A master’s degree may not lead to better job performance, but employers are still willing to pay extra for employees who have one, according to a new survey.

In a survey of 1,000 hiring managers in the U.S., Resume Genius found that 62% of hiring managers say that employees with master’s degrees perform the same — or worse — at work as employees with a bachelor’s degree and two years of experience.

Despite this, 72% of hiring managers still say they would offer higher salaries to a job candidate with a master’s degree than one without.

Of those hiring managers, 64% would offer a 10% salary increase, 20% would offer a 15% increase, and 23% would offer a 20% or higher salary increase.

So why does a master’s degree still command a higher salary?

“I think we’re in a transition where the symbolic value of degrees still affects salary decisions, even if employers don’t actually think the performance of master’s degree holders matched the credentials,” says Eva Chan, senior PR expert at Resume Genius.

According to Chan, having a master’s degree is often perceived as a sign of potential by hiring managers.

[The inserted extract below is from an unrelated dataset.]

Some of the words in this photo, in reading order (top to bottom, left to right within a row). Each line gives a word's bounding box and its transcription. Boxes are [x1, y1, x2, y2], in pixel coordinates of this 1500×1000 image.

“Even if it doesn’t guarantee better performance, it can show that you’re very driven, you’re disciplined, you’re committed, and that you’ve given your time, money and effort into accomplishing a goal,” she says.

However, she says, the survey results demonstrated that “more and more employers are realizing experience can show a lot of these same qualities.”

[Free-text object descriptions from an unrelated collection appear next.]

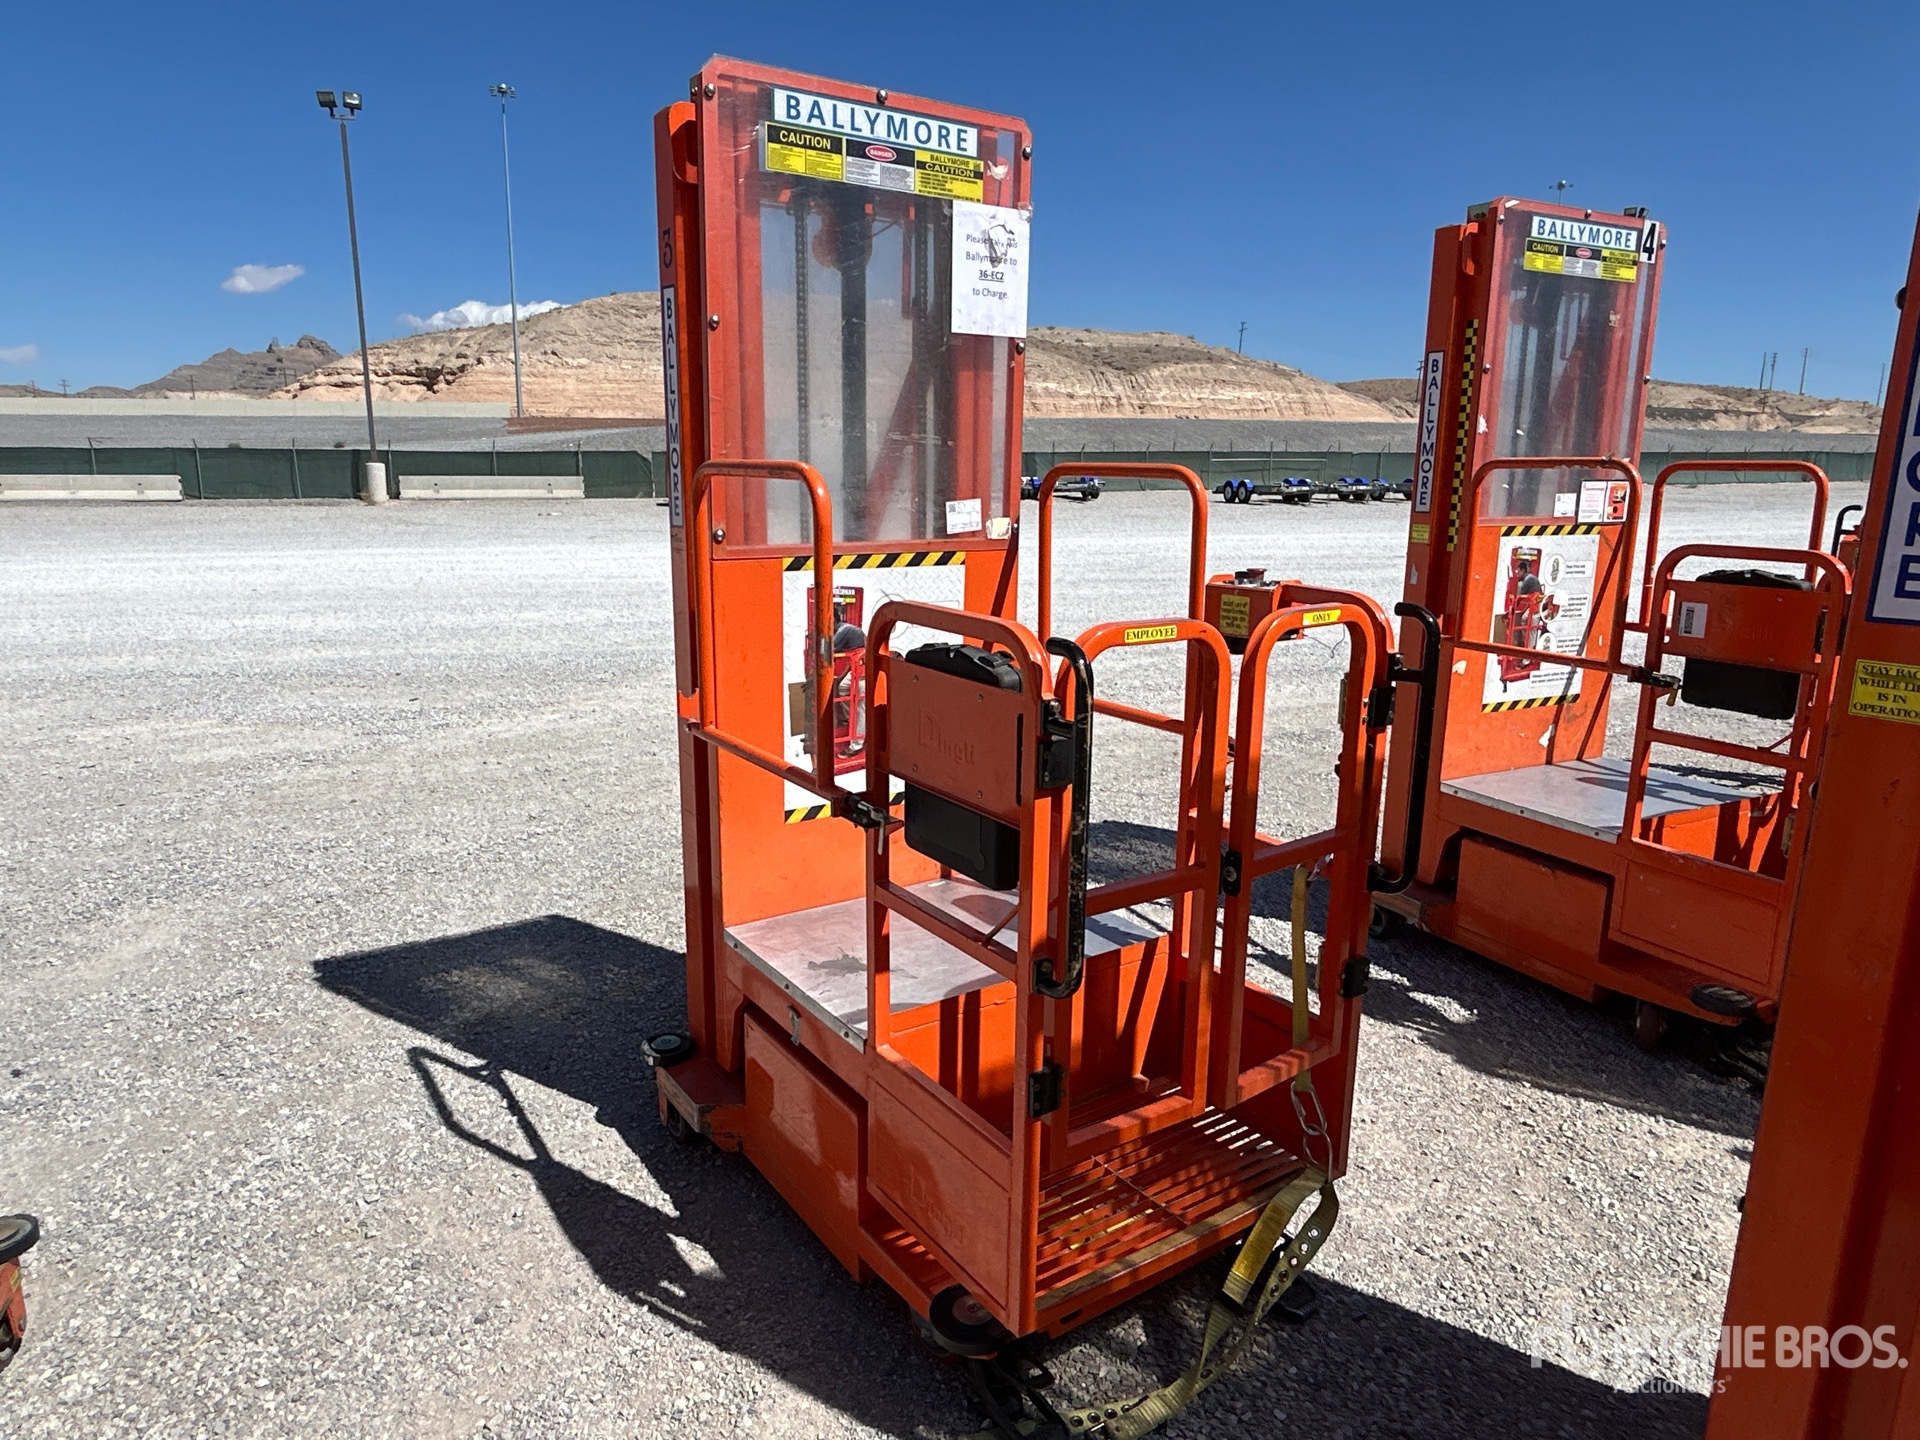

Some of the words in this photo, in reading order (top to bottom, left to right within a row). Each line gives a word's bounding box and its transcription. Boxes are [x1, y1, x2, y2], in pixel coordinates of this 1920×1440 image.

[785, 94, 968, 152] BALLYMORE
[780, 130, 831, 150] CAUTION
[930, 154, 970, 168] BALLYMORE
[925, 162, 974, 178] CAUTION
[966, 233, 988, 245] Please
[1537, 219, 1632, 248] BALLYMORE
[1532, 242, 1559, 253] CAUTION
[1643, 223, 1657, 262] 4
[965, 251, 1008, 264] Ballyme
[1009, 257, 1018, 266] to
[978, 269, 1004, 281] 36-EC2
[972, 287, 981, 296] to
[666, 297, 680, 517] BALLYMORE
[1419, 358, 1439, 506] BALLYMORE
[1126, 626, 1175, 641] EMPLOYEE
[1862, 664, 1892, 676] STAY
[1896, 668, 1920, 680] BAC
[1859, 676, 1900, 690] WHILE
[1904, 682, 1920, 693] LI
[1877, 692, 1889, 701] IS
[1892, 693, 1907, 704] IN
[1853, 701, 1920, 719] OPERATIO
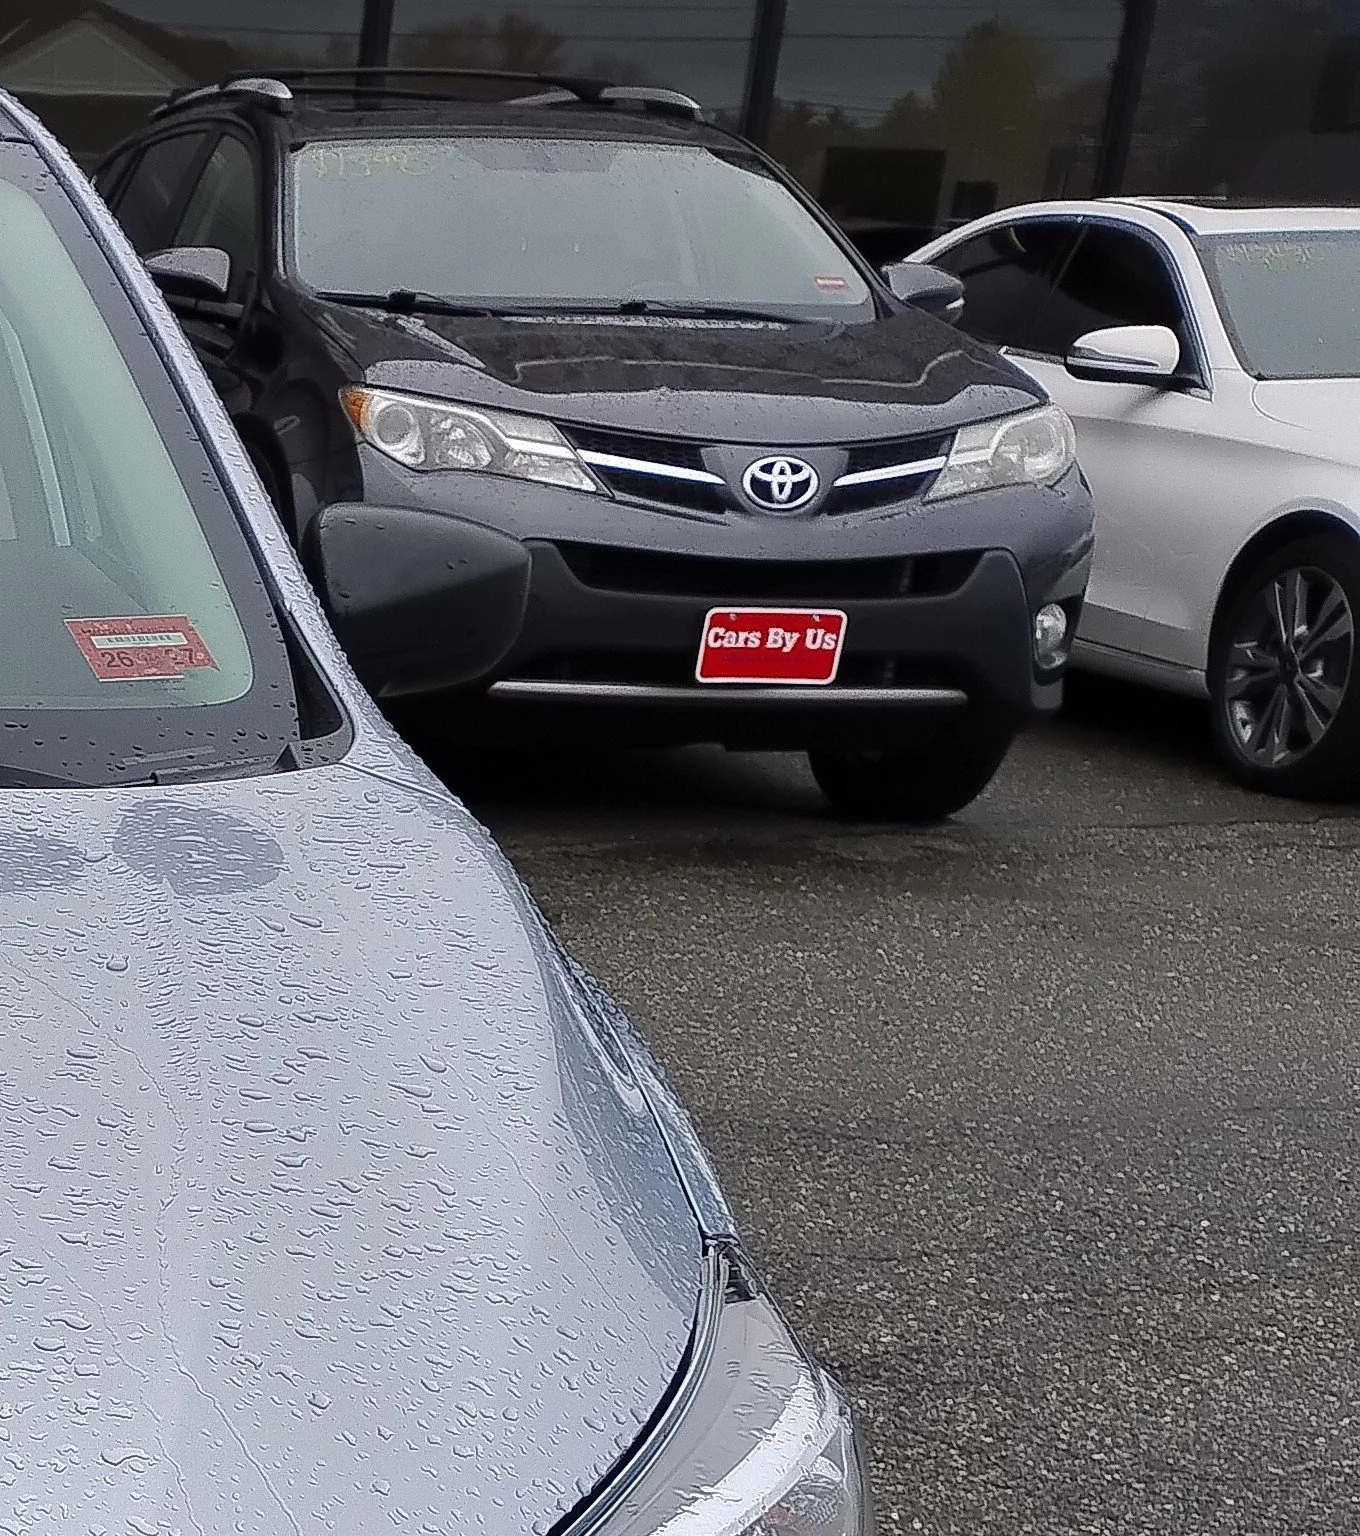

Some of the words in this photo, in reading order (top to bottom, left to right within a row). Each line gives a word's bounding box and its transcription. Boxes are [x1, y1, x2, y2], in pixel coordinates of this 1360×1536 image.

Skills-based hiring has become increasingly common: JP Morgan Chase has eliminated degree requirements for most jobs at the bank, prioritizing work experience over credentials. Walmart is also moving towards skills-based hiring for their corporate roles by adjusting job descriptions to “factor in the skills people possess, alongside any degrees they hold.”

Chan says that she and her team were surprised to find that Gen Z hiring managers were twice as likely as Boomer hiring managers to perceive master’s degree holders as stronger performers.

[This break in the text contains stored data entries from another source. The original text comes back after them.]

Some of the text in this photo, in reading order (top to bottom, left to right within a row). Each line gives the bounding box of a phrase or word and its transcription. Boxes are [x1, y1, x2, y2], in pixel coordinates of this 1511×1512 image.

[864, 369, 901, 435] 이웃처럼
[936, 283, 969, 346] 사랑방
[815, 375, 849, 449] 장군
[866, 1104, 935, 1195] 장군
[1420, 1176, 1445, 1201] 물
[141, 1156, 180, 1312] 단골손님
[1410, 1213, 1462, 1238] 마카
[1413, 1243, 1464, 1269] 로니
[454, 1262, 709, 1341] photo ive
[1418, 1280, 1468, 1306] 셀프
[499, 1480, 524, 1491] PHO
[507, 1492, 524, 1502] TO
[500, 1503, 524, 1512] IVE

In her view, this could be because Gen Z may be more familiar with the school system than the workplace.

“Some younger managers may still be fresh from school, or they just finished their degree so it’s fresh in their minds,” she says. “Maybe they view advanced degrees as more relevant or even aspirational.”

Around 25 million American adults hold master’s degrees, according to statistics from the Education Data Initiative, and the number of people pursuing a master’s degree doubled between 2000 and 2019.

In addition to higher salaries, having a master’s degree can provide several potential benefits for employees, such as opportunities career advancement.

However, those boosts come at a hefty price: on average, getting a master’s degree costs more than $62,000, and the average federal loan debt balance for graduate students is over $94,000.

According to Chan, whether or not a master’s degree will help your career depends on your individual situation.

Having a master’s degree can be helpful in professions like education and urban planning that are “heavily tied to pay scales, promotions or credentials,” Chan says.

However, for fast-moving industries such as tech, media and marketing, prioritizing real-world experience may be a better choice.